A Rare Gem

By Patterson, Lindsay; Stephen, Curtis et al. | The Crisis, March/April 2007 | Go to article overview

A Rare Gem


Patterson, Lindsay, Stephen, Curtis, Moore, Natalie Y., Carter, Kelley, The Crisis


For more than six decades, activist and actress Ruby Dee has lit up the stage and screen with her portrayals of strong Black women

It felt more like spring than mid February as a crowd gathered inside the Macy's on West 34th Street in New York City. A rousing applause erupted and cameras flashed as she emerged - Ruby Dee, the legendary actress of Broadway, film and television. An activist, author and poet who became a Dreamgirl in her own right.

Dee, 82, walked with a strong pace and smiled warmly as admirers and well-wishers lined up to get a glimpse of one of the nation's most respected actresses. With great dark eyes set magnificently in an elliptical brown face, time indeed, had not withered her. Dee's petite frame belied an unmistakable inner strength that still has Hollywood calling more than a half century after her Broadway debut.

Elegant in a black coat over a simple light-colored blouse and black pants. Dee was calm despite the excitement that her presence emitted.
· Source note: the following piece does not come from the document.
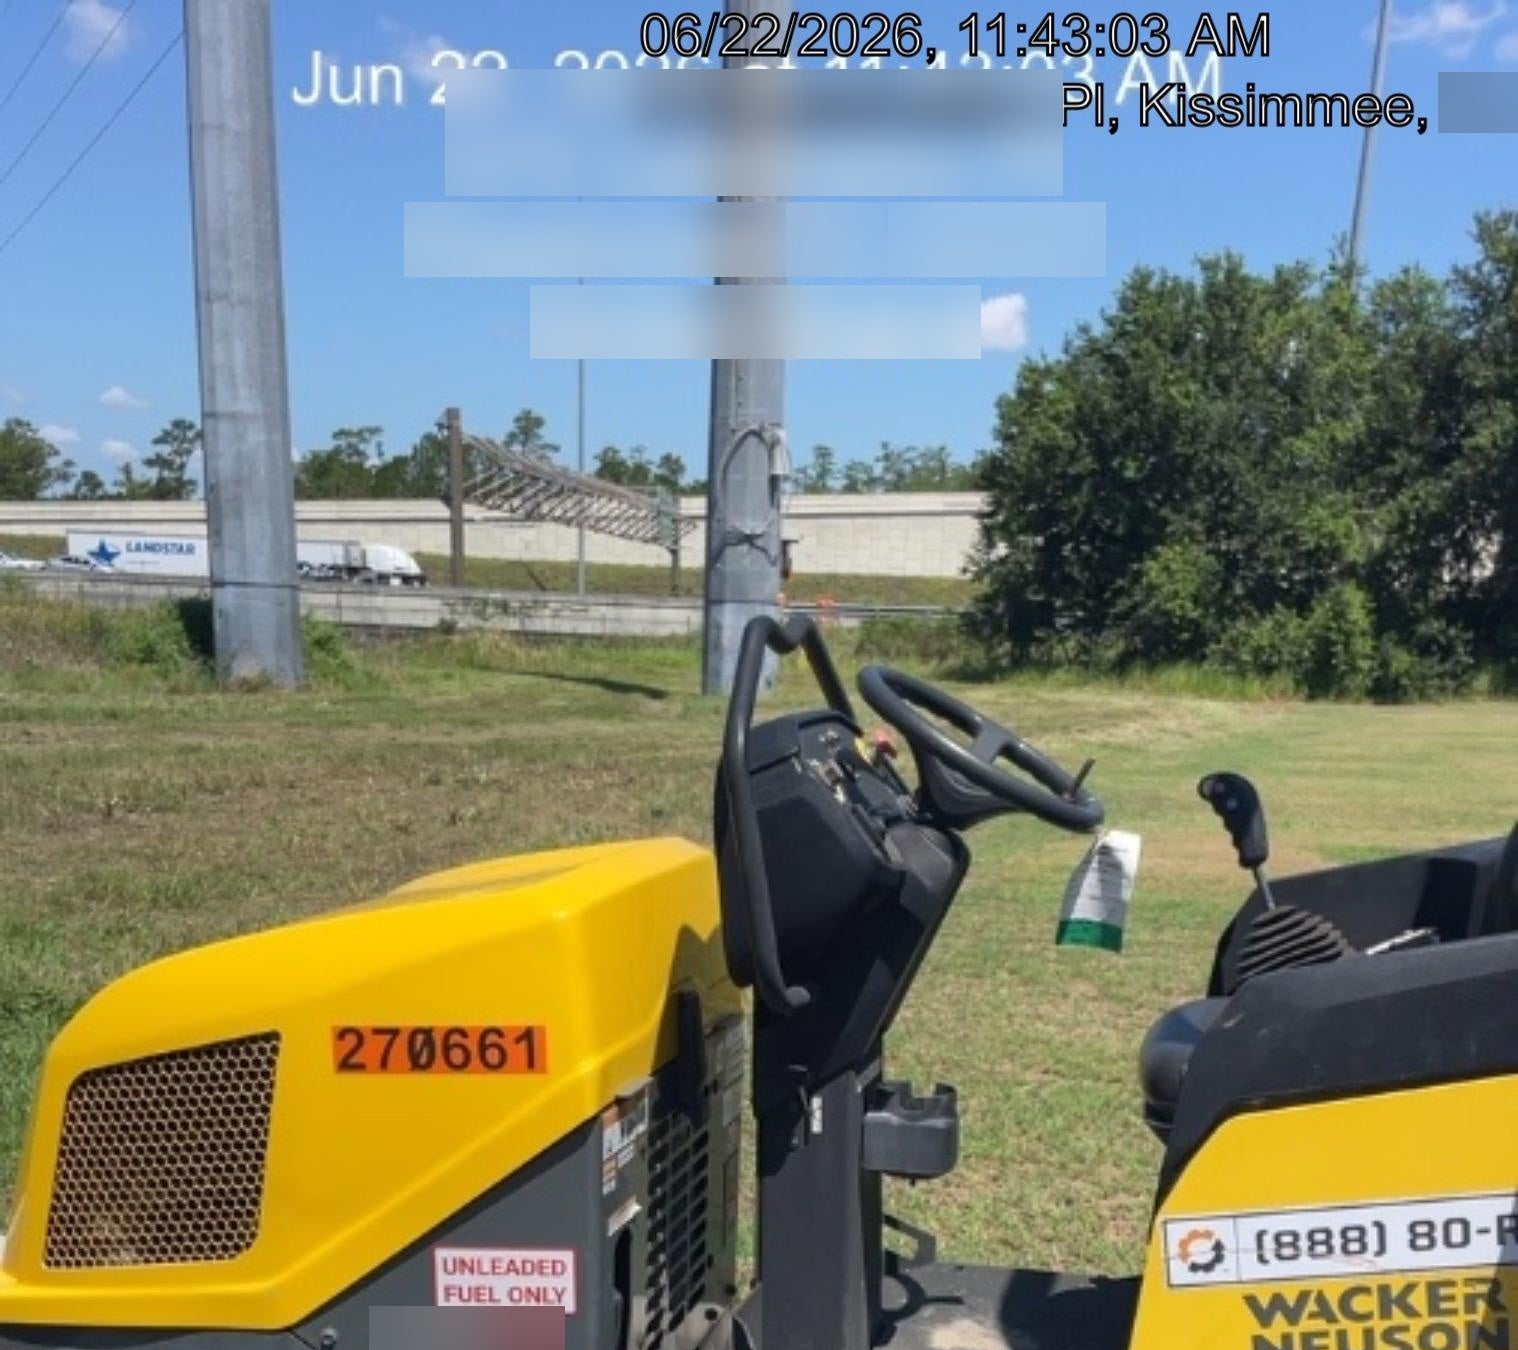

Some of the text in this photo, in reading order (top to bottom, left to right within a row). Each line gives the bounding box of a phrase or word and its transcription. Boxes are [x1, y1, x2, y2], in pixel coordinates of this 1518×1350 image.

As the featured author for Macy's commemoration of Black History Month, Dee had come to sign, Life Lit by Some Large Vision: Selected Speeches and Writings, a compilation of prose by her late husband, Ossie Davis, that was published last fall.

"This book that I've done of my husband's work is a collection of essays and eulogies and tributes that I've been collecting since we married," says Dee. "Love makes you do those things."
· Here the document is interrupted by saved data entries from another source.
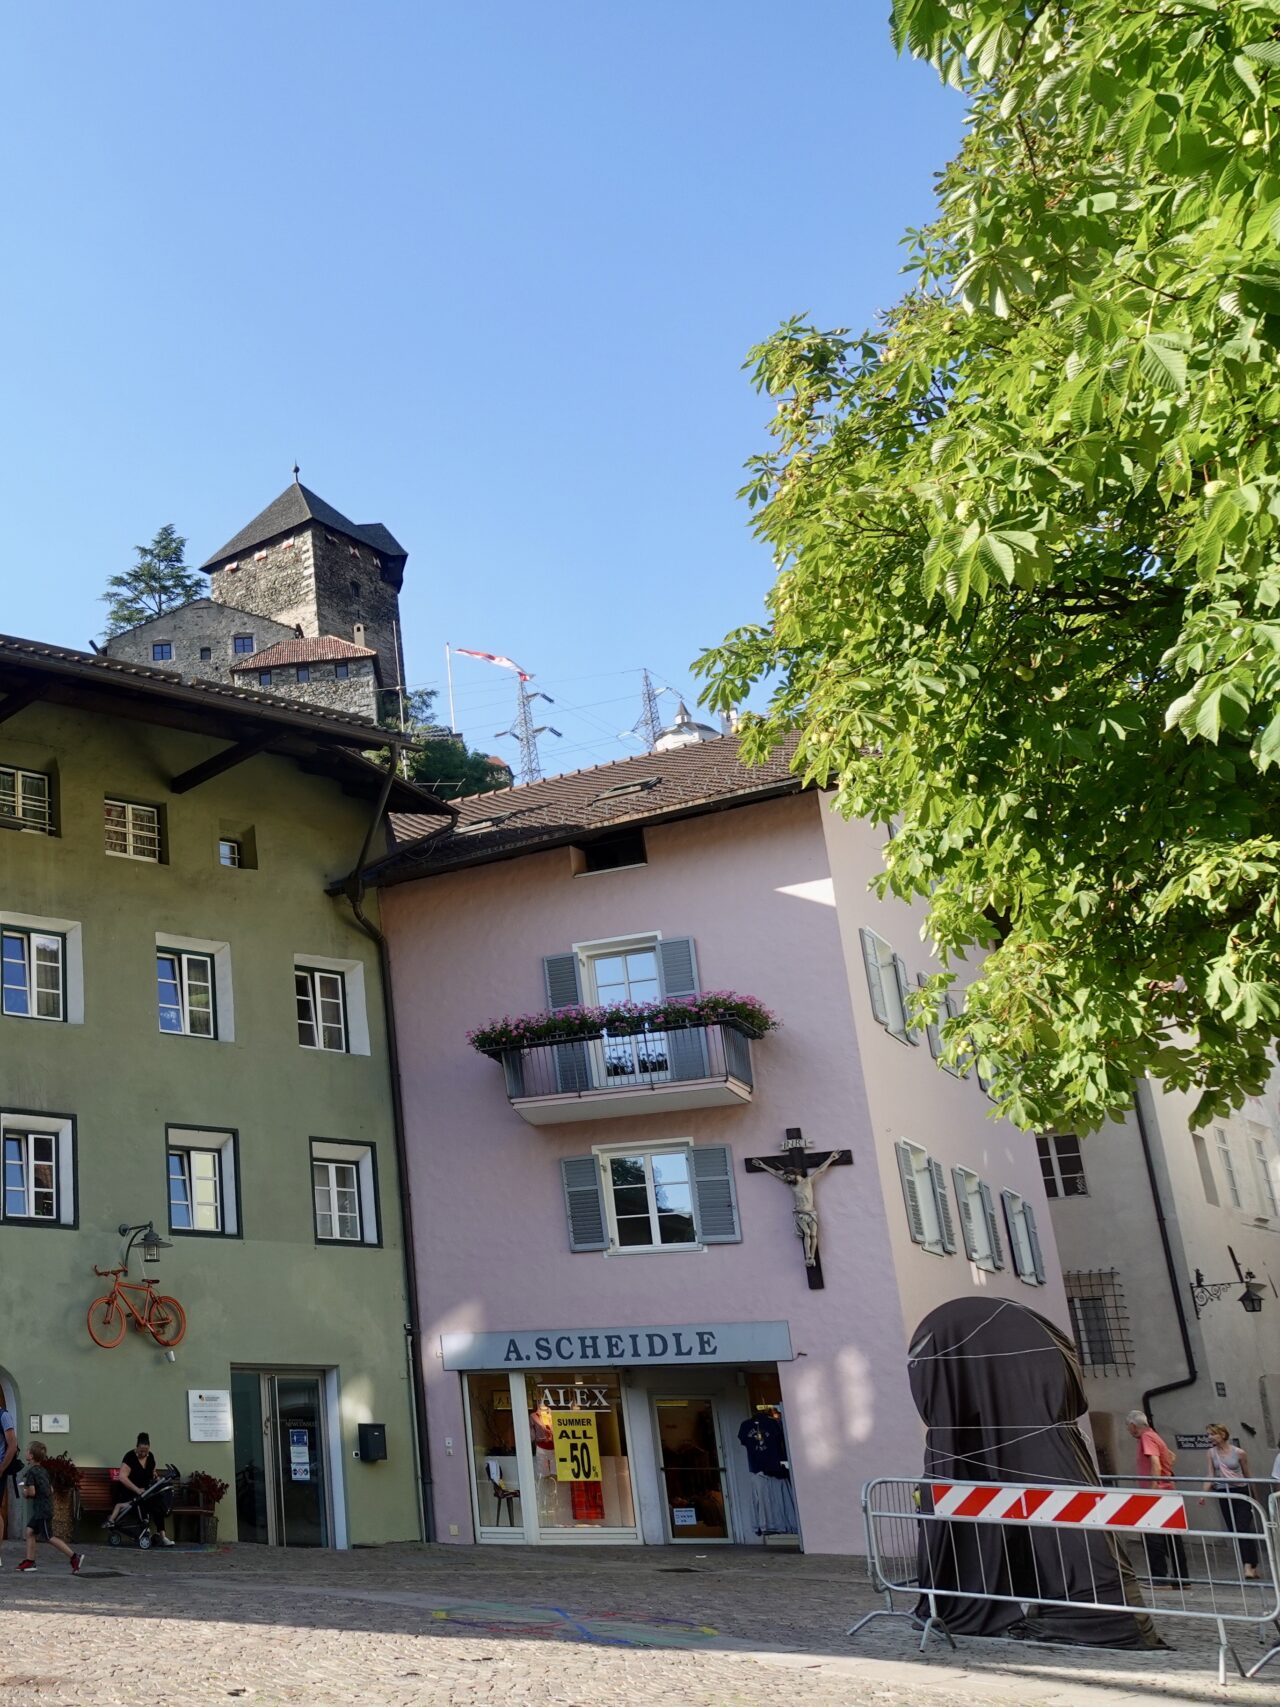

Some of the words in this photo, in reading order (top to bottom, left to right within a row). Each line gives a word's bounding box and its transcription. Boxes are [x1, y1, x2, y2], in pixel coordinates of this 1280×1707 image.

[783, 1138, 807, 1149] INRI
[541, 1387, 610, 1407] ALEX
[557, 1418, 592, 1427] SUMMER
[558, 1429, 594, 1440] ALL
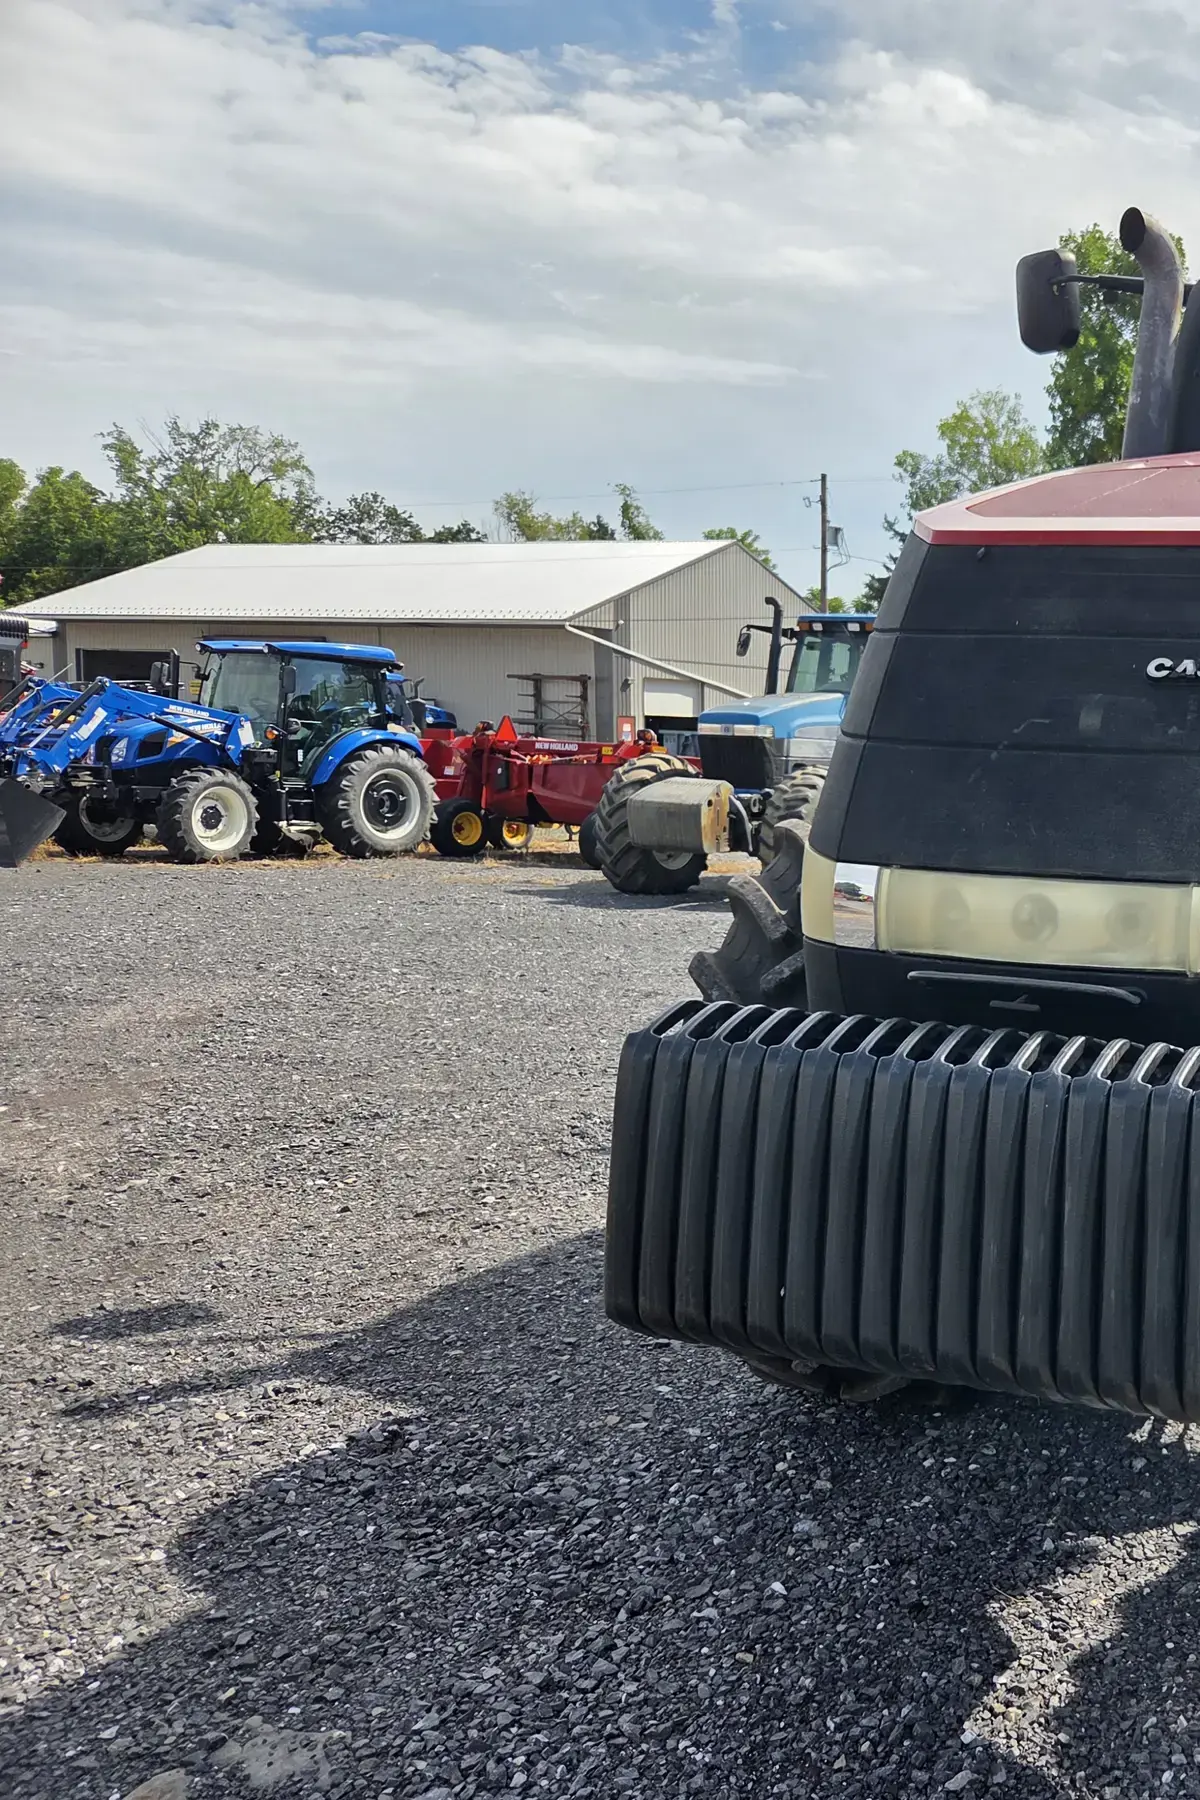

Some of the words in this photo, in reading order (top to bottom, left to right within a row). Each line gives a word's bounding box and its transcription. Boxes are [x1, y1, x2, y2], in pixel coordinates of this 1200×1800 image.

[169, 704, 183, 712] NEW
[183, 707, 210, 716] HOLLAND
[535, 741, 550, 750] NEW
[550, 742, 578, 751] HOLLAND
Dee says the title came from Davis' love of W.E.B. Du Bois, whom the actor always quoted.

"His favorite phrases [talk] about what do we do to be saved. We're looking to 'live life lit by some larger vision,'" says Dee. "So what we've done with this book is to address that quotation based on Du Bois' credo of 1904."

Dee will be forever linked to her husband of nearly 60 years. In fact, a week before the Macy's booksigning the couple received a Grammy for Best Spoken Word Album for the narration of their 1998 book With Ossie and Ruby: In This Life Together. (It tied with President Jimmy Carter's Our Endangered Values: America's Moral Crisis).
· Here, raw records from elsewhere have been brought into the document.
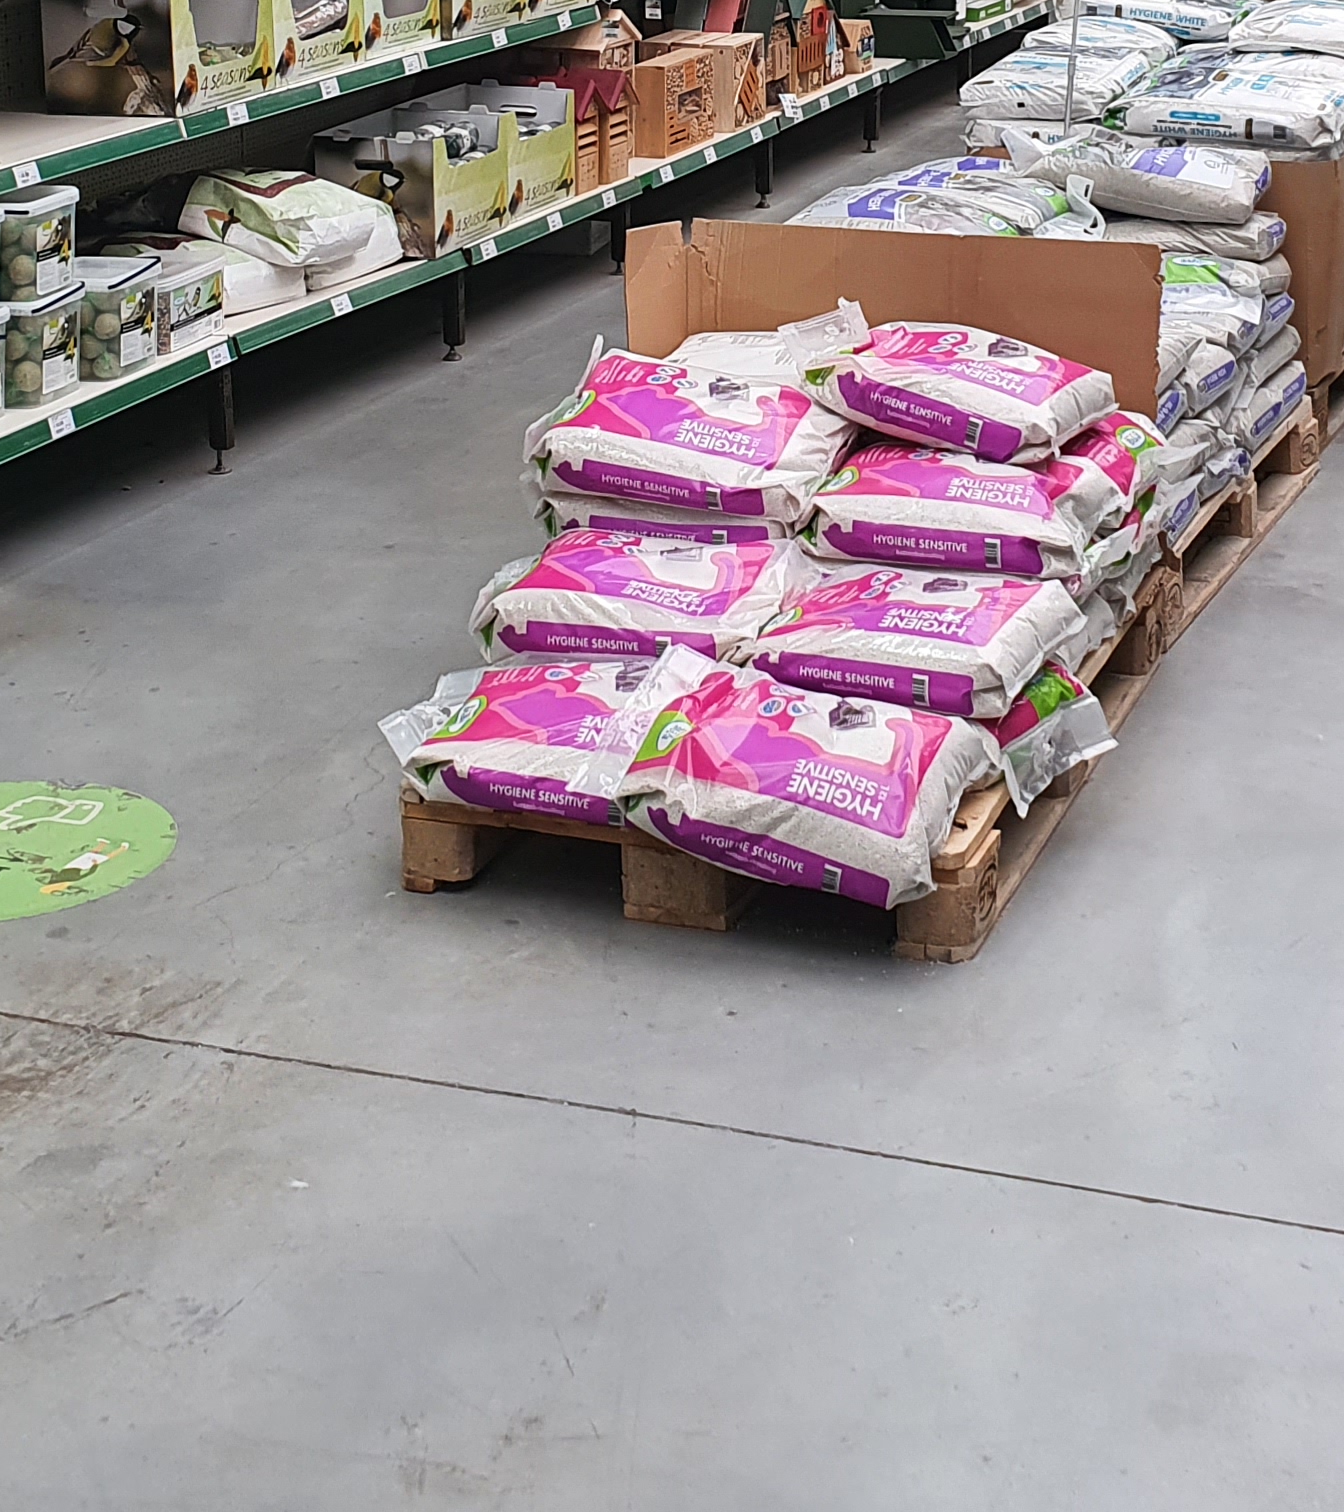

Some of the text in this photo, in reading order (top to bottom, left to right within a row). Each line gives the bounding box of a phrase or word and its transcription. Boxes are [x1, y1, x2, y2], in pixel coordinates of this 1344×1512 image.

[1130, 6, 1207, 28] HYGIENE WHITE
[1189, 126, 1238, 140] HYGIENE
[870, 390, 953, 427] HYGIENE SENSITIVE
[675, 417, 757, 460] HYGIENE SENSITIVE
[601, 473, 690, 498] HYGIENE SENSITIVE
[945, 476, 1031, 508] HYGIENE SENSITIVE
[874, 532, 968, 553] HYGIENE SENSITIVE
[878, 613, 971, 639] HYGIENE
[547, 634, 639, 652] HYGIENE SENSITIVE
[799, 665, 895, 688] HYGIENE SENSITIVE
[489, 781, 590, 810] HYGIENE SENSITIVE
[785, 758, 883, 822] HYGIENE SENSITIVE
[752, 843, 804, 873] SENSITIVE
"That's right, grandma with the Grammy," laughs Dee. "I was so thrilled. I feel like a rock star or something. This is my first. I always thought it was something just for musicians."

The Grammy was just the latest in a long list of honors and awards that Dee has racked up over her career which has spanned more than six decades.

Dee, a native of Cleveland, Ohio, was raised in Harlem. Her father worked as a Pullman porter and her stepmother was a schoolteacher. In 1941, Dee studied at the American Negro Theater, Her classmates included Harry Belafonte and Sidney Poitier. She made her Broadway debut in the short-lived, nonmusical version of South Pacific in 1943. Dee graduated from New York City's Hunter College in 1945. Also that year, her marriage to Frankie Dee Brown, a midget whom she had married in 1941, ended.

In 1946, Dee met Ossie Davis during the Broadway production of Jeb. Though the play lasted only a week, it began a lifetime journey for the couple. Later that year, the two were cast in the Broadway play Anna Lucasta in which Dee played the title character. They married in 1948. Those early days, however, were a struggle.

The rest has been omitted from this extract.